# Restaurant Recommendations in Aruba



## BillC

Any recommendations for good, not too expensive restaurants in Aruba?  

Are there any early-bird or buffet deals around?

Thanks!


----------



## lvhmbh

Both www.aruba-bb.com and www.aruba.com forums have sections for restaurant reviews and usually how expensive.


----------



## irishween

In November we went to Amadeus.  Wonderful place, great prices, large portions.  We will be visiting there again.


----------



## Weimaraner

I like http://www.arubarestaurants.com/

Also Chalet Suisse advertises an Early Bird Special - Guests visiting our restaurant from April 1st to November 30th whom prefer an early dinner, will appreciate our EARLY BIRD SPECIAL menu; a three course selection of our most popular items at a fixed price. 

Manchebo's French Steakhouse also has early bird special http://www.manchebo.com/steakhouse/# (scroll down the menu)


----------



## m61376

Wacky Wahoo has great food and very reasonable. Ambiance isn't anything to write home about, but the food more than compensates.


----------



## legalfee

BillC said:


> Any recommendations for good, not too expensive restaurants in Aruba?
> 
> Are there any early-bird or buffet deals around?
> 
> Thanks!



These are the ones we've been to and liked:

The Old Cunucu House:

http://theoldcunucuhouse.com/

Any of the restaurants at the Hyatt:

http://aruba.hyatt.com/hyatt/hotels/entertainment/restaurants/index.jsp#1653


----------



## BonBiniGirl

We like Smokey Joe's (http://www.smokeyjoesaruba.com/).  Salt & Pepper was pretty good too (http://www.saltandpepperaruba.com/).


----------



## legalfee

BonBiniGirl said:


> We like Smokey Joe's (http://www.smokeyjoesaruba.com/).  Salt & Pepper was pretty good too (http://www.saltandpepperaruba.com/).



Both your links are dead.


----------



## hajjah

Many of the locals used to enjoy Jamaica Me Crazy.  I'm not sure if it is still open.  It was located close to Lings.


----------



## urple2

All the restaurants we ate at in the shopping complex close to the marriott aruba surf were very good and reasonable.

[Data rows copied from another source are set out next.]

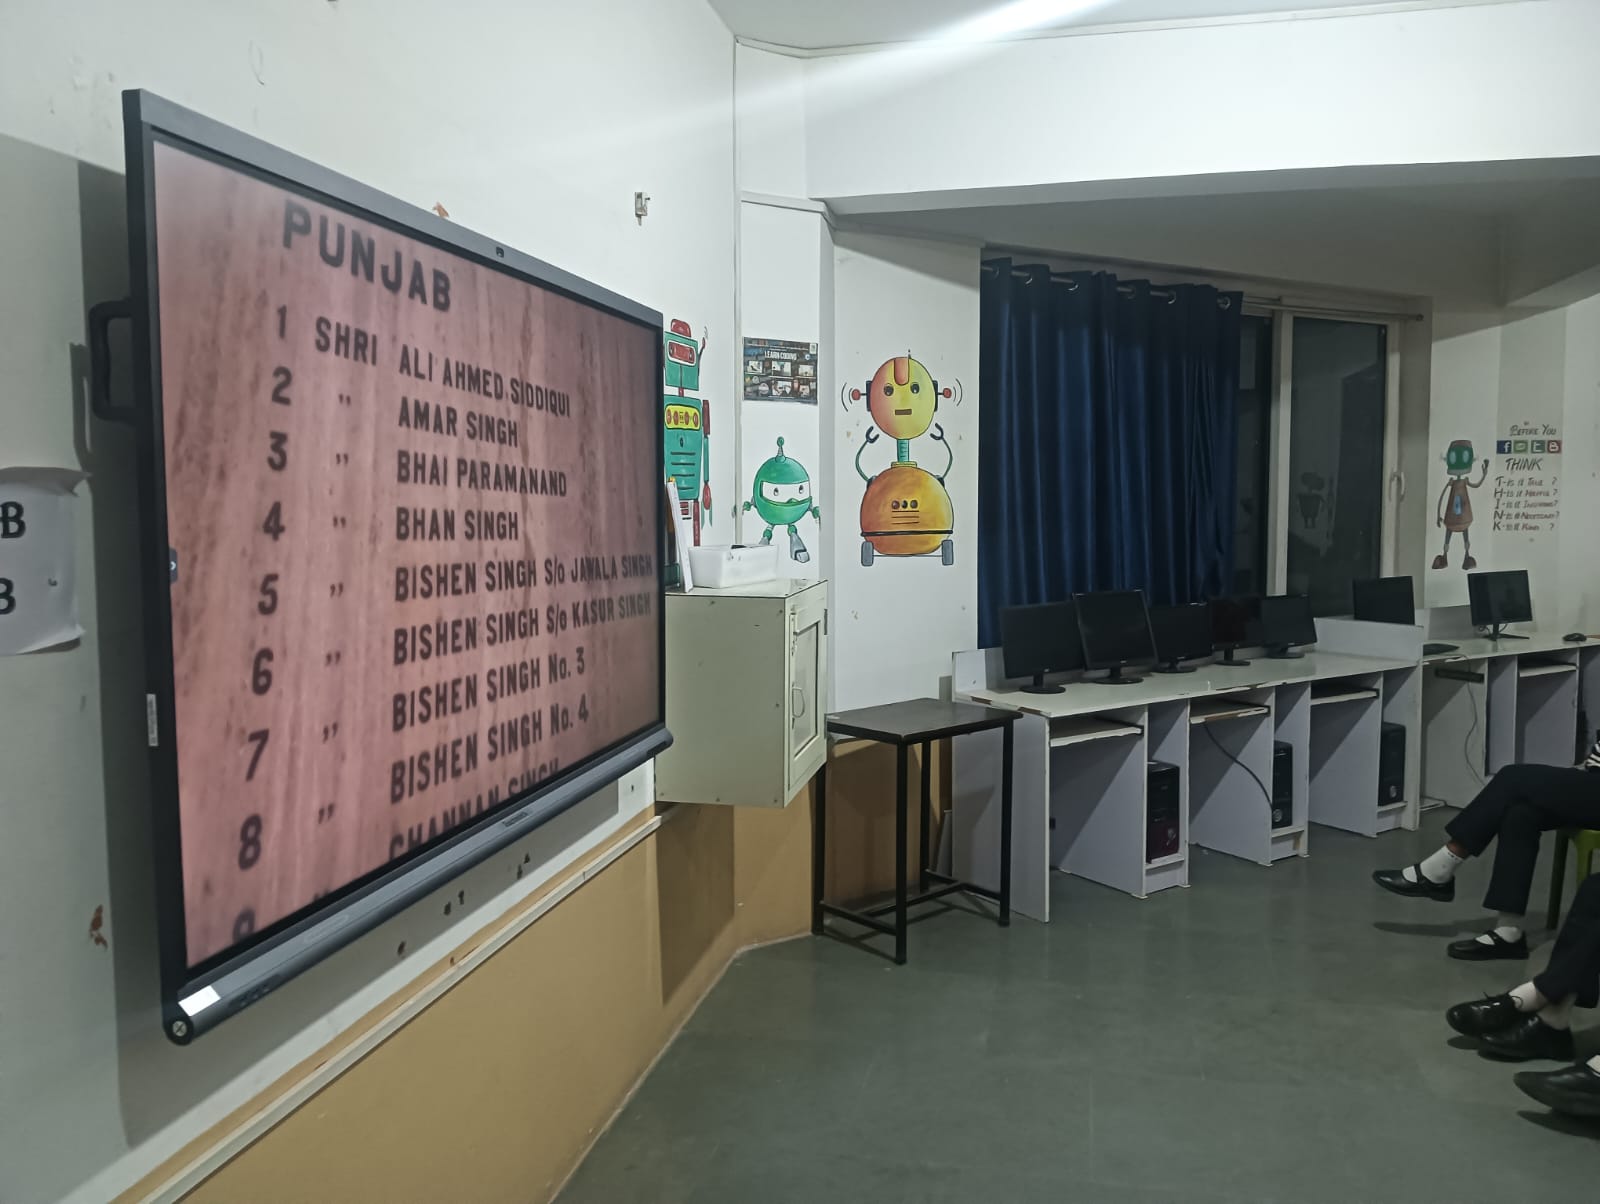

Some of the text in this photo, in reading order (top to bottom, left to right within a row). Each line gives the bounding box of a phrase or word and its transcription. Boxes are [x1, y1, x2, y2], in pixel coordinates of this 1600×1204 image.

[283, 200, 451, 312] PUNJAB
[271, 366, 292, 406] 2
[398, 396, 458, 437] AMAR
[466, 411, 518, 448] SINGH
[277, 304, 288, 339] 1
[315, 316, 378, 366] SHRI
[399, 343, 433, 382] ALI
[510, 378, 571, 419] SIDDIQUI
[268, 431, 288, 471] 3
[397, 450, 448, 488] BHAI
[457, 458, 567, 497] PARAMANAND
[1505, 458, 1543, 471] THINK
[263, 502, 285, 541] 4
[396, 506, 455, 541] BHAN
[464, 510, 519, 541] SINGH
[258, 573, 279, 616] 5
[395, 562, 477, 603] BISHEN
[485, 559, 537, 592] SINGH
[571, 555, 618, 583] JAWALA
[621, 554, 652, 578] SINGH
[252, 647, 274, 696] 6
[394, 619, 477, 666] BISHEN
[486, 608, 539, 646] SINGH
[572, 598, 615, 628] KASUR
[618, 592, 650, 619] SINGH
[245, 728, 270, 782] 7
[392, 675, 478, 732] BISHEN
[487, 657, 541, 702] SINGH
[548, 653, 571, 684] No.
[576, 646, 585, 675] 3
[238, 813, 262, 870] 8
[390, 729, 478, 805] BISHEN
[488, 709, 542, 761] SINGH
[550, 702, 573, 736] No.
[578, 693, 589, 723] 4

The buffet at the marriott hotel next to Marriott Ocean club was awesome... All you can eat fish dishes and cuts of steak.Salad bar, beverages and desserts was 35 a head. Went there 2 times...different nights,different themes.


----------



## chibuilder

BillC said:


> Any recommendations for good, not too expensive restaurants in Aruba?
> 
> Are there any early-bird or buffet deals around?
> 
> Thanks!



When we were there, we loved the food at Madame Janettes (http://www.madamejanette.info/joomla/).  It's a drive (or cab) but the food was great and they had a nice outdoor area with live music towards the end of the night.  Probably our best meal in Aruba.  We also enjoy El Gaucho, the Argentine steak spot downtown (http://www.elgaucho-aruba.com/index.html).


----------



## droykelly

I'll second the Chalet Suisse & El Gaucho recommendation!  We vacation in Aruba evert year and always enoy bith places.  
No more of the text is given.